The behavioural state of animals has profound effects on neuronal information processing. Locomotion changes the response properties of visual interneurons in the insect brain, but it is still unknown if it also alters the response properties of photoreceptors. Photoreceptor responses become faster at higher temperatures. It has therefore been suggested that thermoregulation in insects could improve temporal resolution in vision, but direct evidence for this idea has so far been missing. Here, we compared electroretinograms from the compound eyes of tethered bumblebees that were either sitting or walking on an air-supported ball. We found that the visual processing speed strongly increased when the bumblebees were walking. By monitoring the eye temperature during recording, we saw that the increase in response speed was in synchrony with a rise in eye temperature. By artificially heating the head, we show that the walking-induced temperature increase of the visual system is sufficient to explain the rise in processing speed. We also show that walking accelerates the visual system to the equivalent of a 14-fold increase in light intensity. We conclude that the walking-induced rise in temperature accelerates the processing of visual information-an ideal strategy to process the increased information flow during locomotion.

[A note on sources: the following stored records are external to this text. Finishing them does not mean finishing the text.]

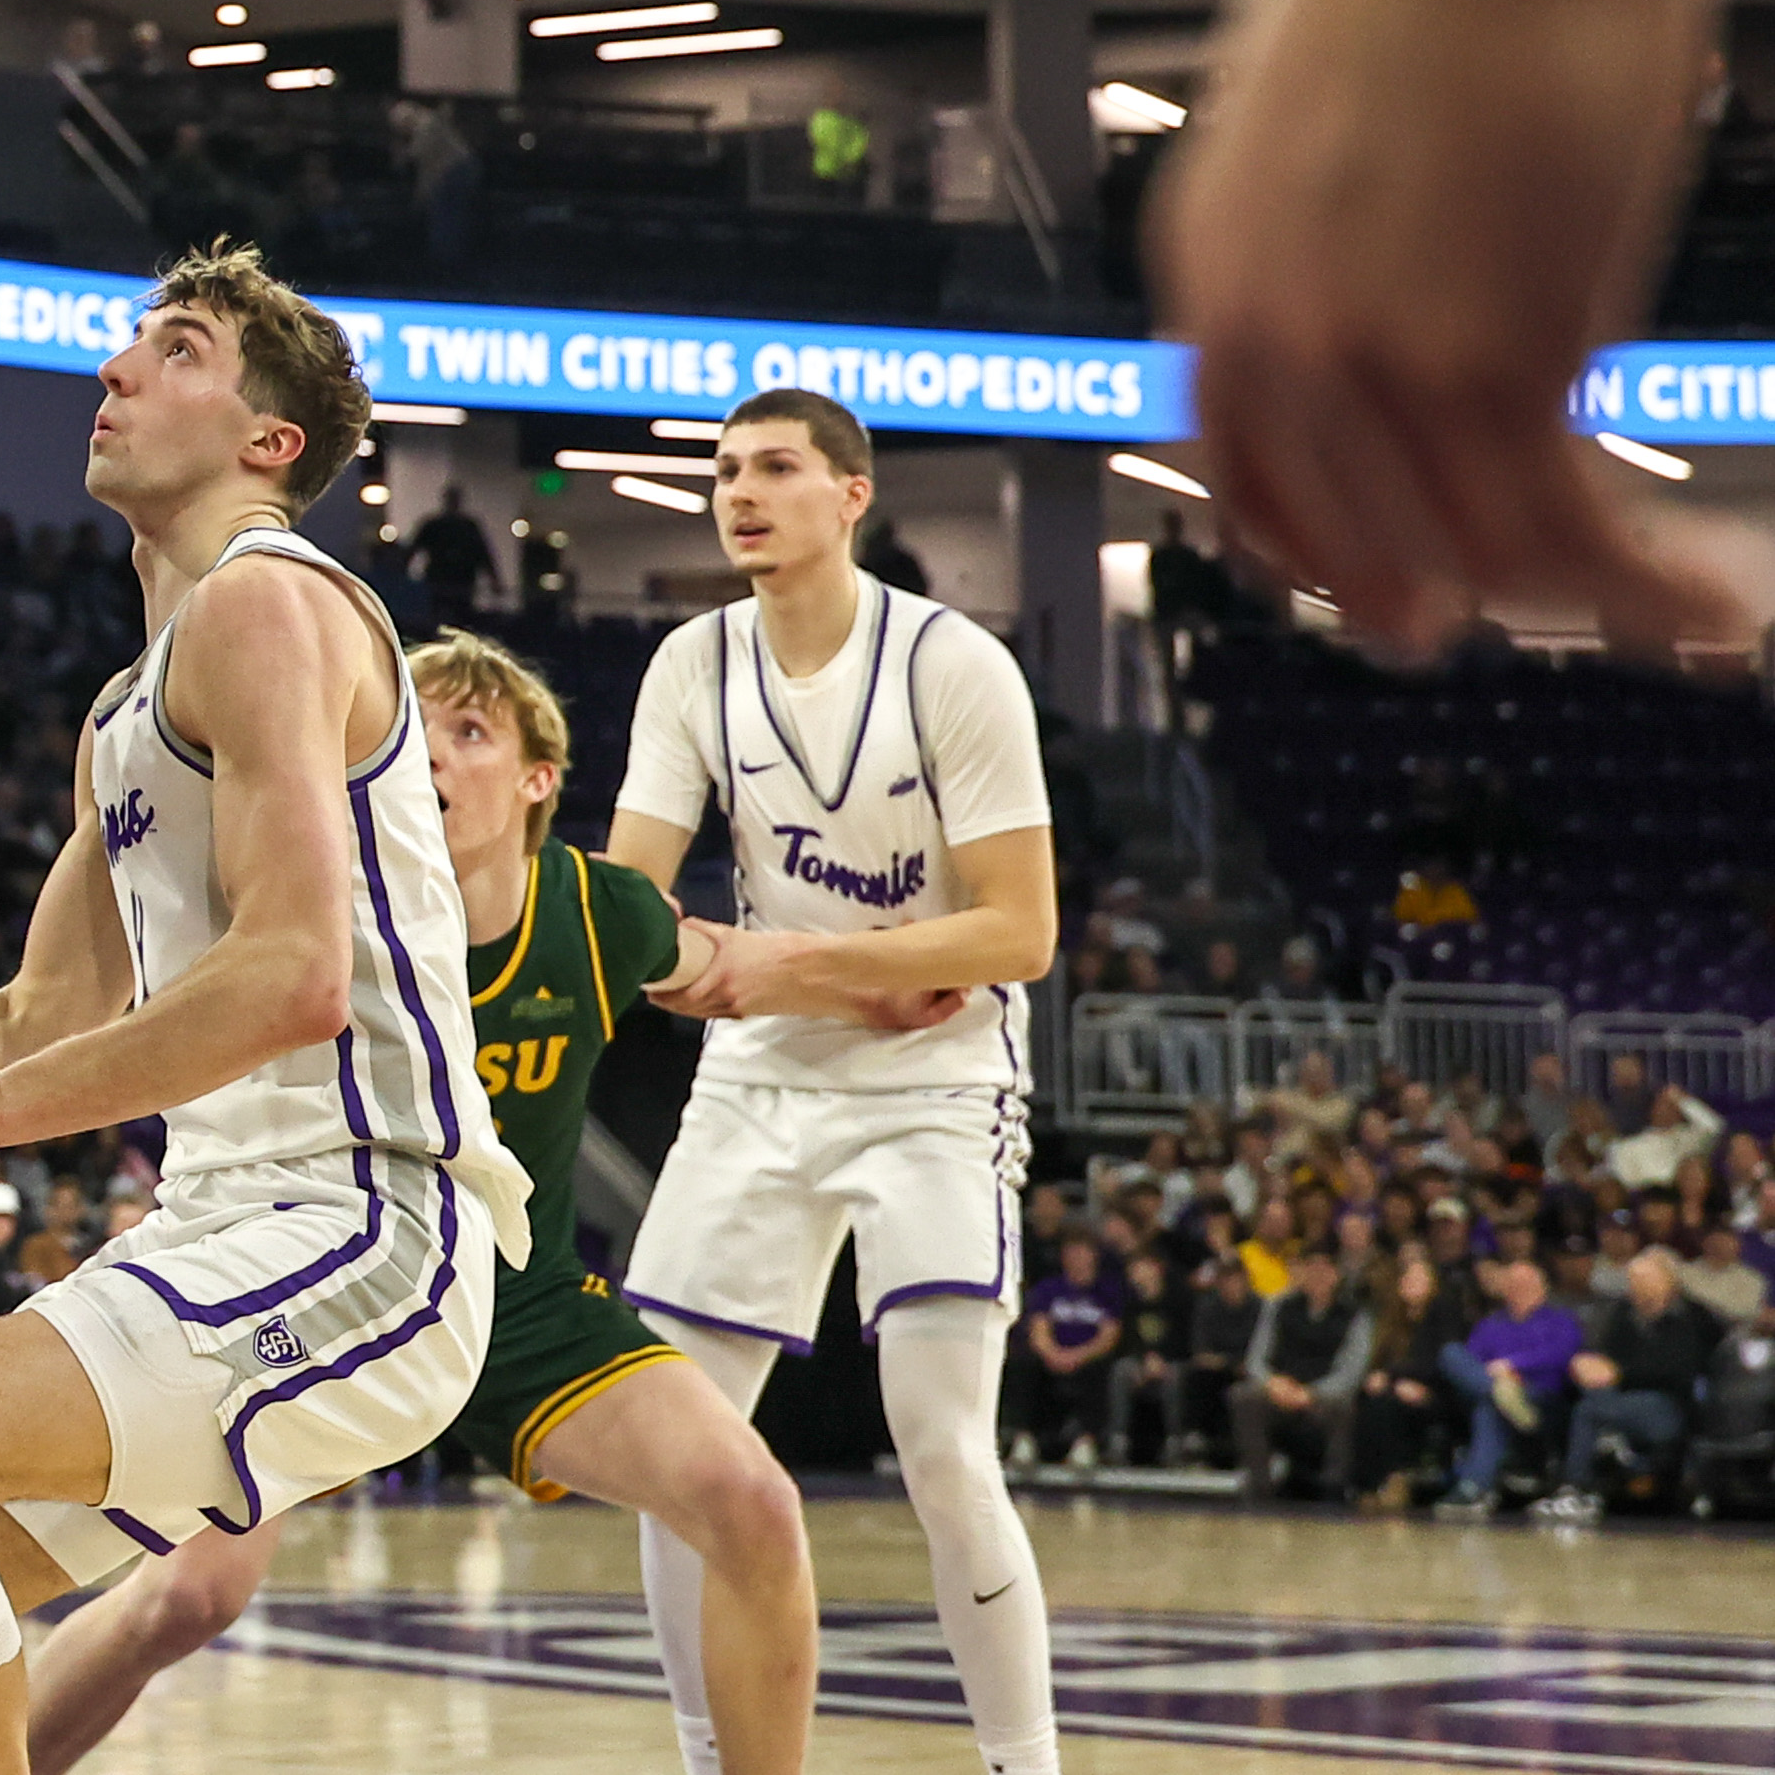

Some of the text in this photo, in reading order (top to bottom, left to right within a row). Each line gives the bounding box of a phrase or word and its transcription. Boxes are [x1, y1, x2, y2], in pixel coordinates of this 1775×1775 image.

[400, 324, 1142, 418] TWIN CITIES ORTHOPEDICS
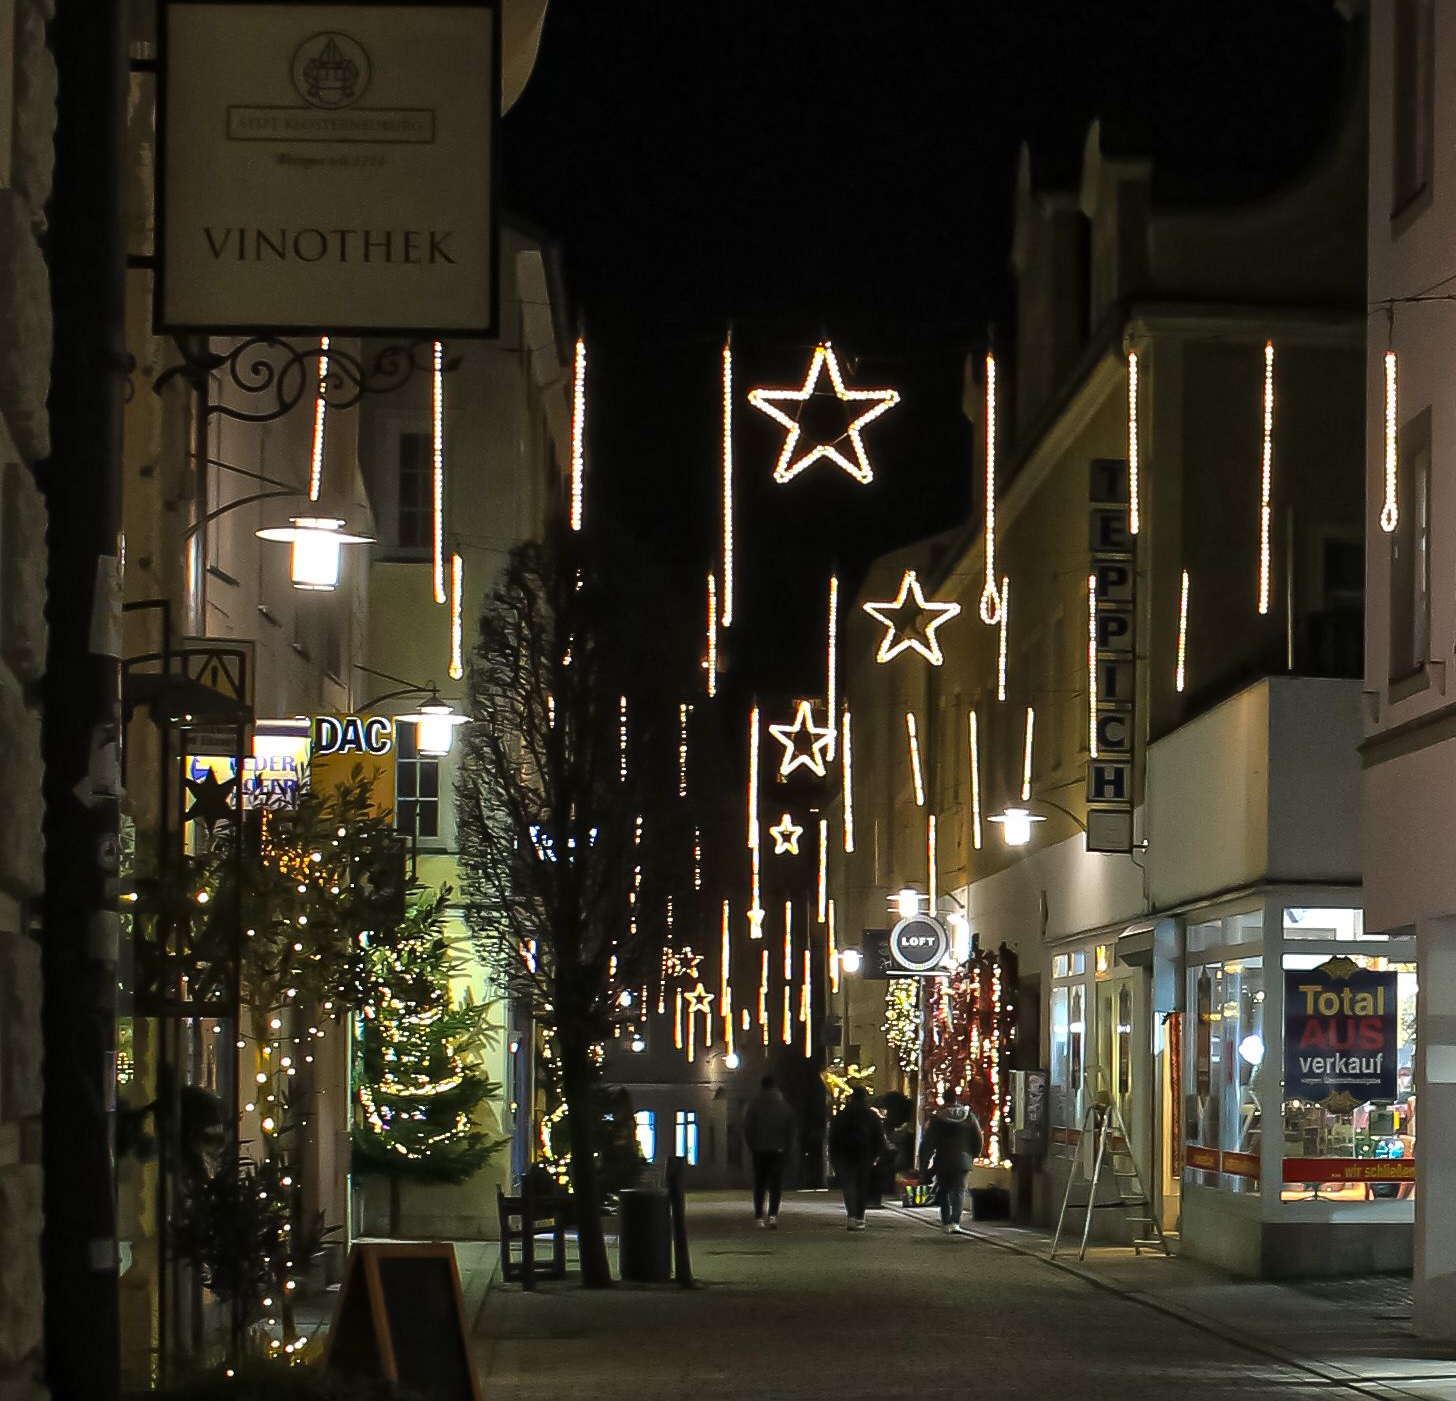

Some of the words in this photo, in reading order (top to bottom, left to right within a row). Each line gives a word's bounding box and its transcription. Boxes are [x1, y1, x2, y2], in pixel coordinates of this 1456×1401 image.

[204, 228, 456, 264] VINOTHEK
[1092, 464, 1129, 799] TEPPICH
[315, 716, 392, 755] DAC
[901, 936, 936, 946] LOFT
[1298, 985, 1385, 1016] Total
[1298, 1017, 1385, 1050] AUS
[1299, 1052, 1384, 1074] verkauf
[1344, 1164, 1361, 1178] wir

Keywords: Bombus terrestris; Gaussian white noise; electroretinograms; photoreceptors; state dependency; temperature.

Figure 1.

Experimental set-up and ERGs of sitting and walking bumblebees stimulated with green light pulses. (a) Schematic illustration of the experimental set-up. The bumblebee was tethered and positioned on top of an air-supported ball. While presenting green light (530 nm) pulses, the ERG was recorded. An infrared lamp and a thermographic camera were used to control and measure the temperature. (b) Upper trace: single pulse of green light (50 ms duration at 1 Hz, pulse intensity: 2 × 10¹⁵ photons cm⁻² s⁻¹). Lower panel: ERG response curves of one example trace of an animal during walking (violet) or sitting (light blue: before walking, dark blue: after walking). The time difference between the onset of the light pulse and the crossing of the half-maximum amplitude gave the latency. (c) Boxplots of the latency at half-maximum of the ERG response during walking (violet) or sitting (light blue: before walking, dark blue: after walking) of 16 bumblebees. The latency at half-maximum was significantly shorter during walking than during sitting (p < 0.001, Wilcoxon test with Bonferroni correction), but no differences were seen when comparing before and after walking (p = 0.1359, Wilcoxon test with Bonferroni correction). Boxplots show median, interquartile range (IQR), whiskers with 1.5 x IQR and outliers greater than 1.5 x IQR.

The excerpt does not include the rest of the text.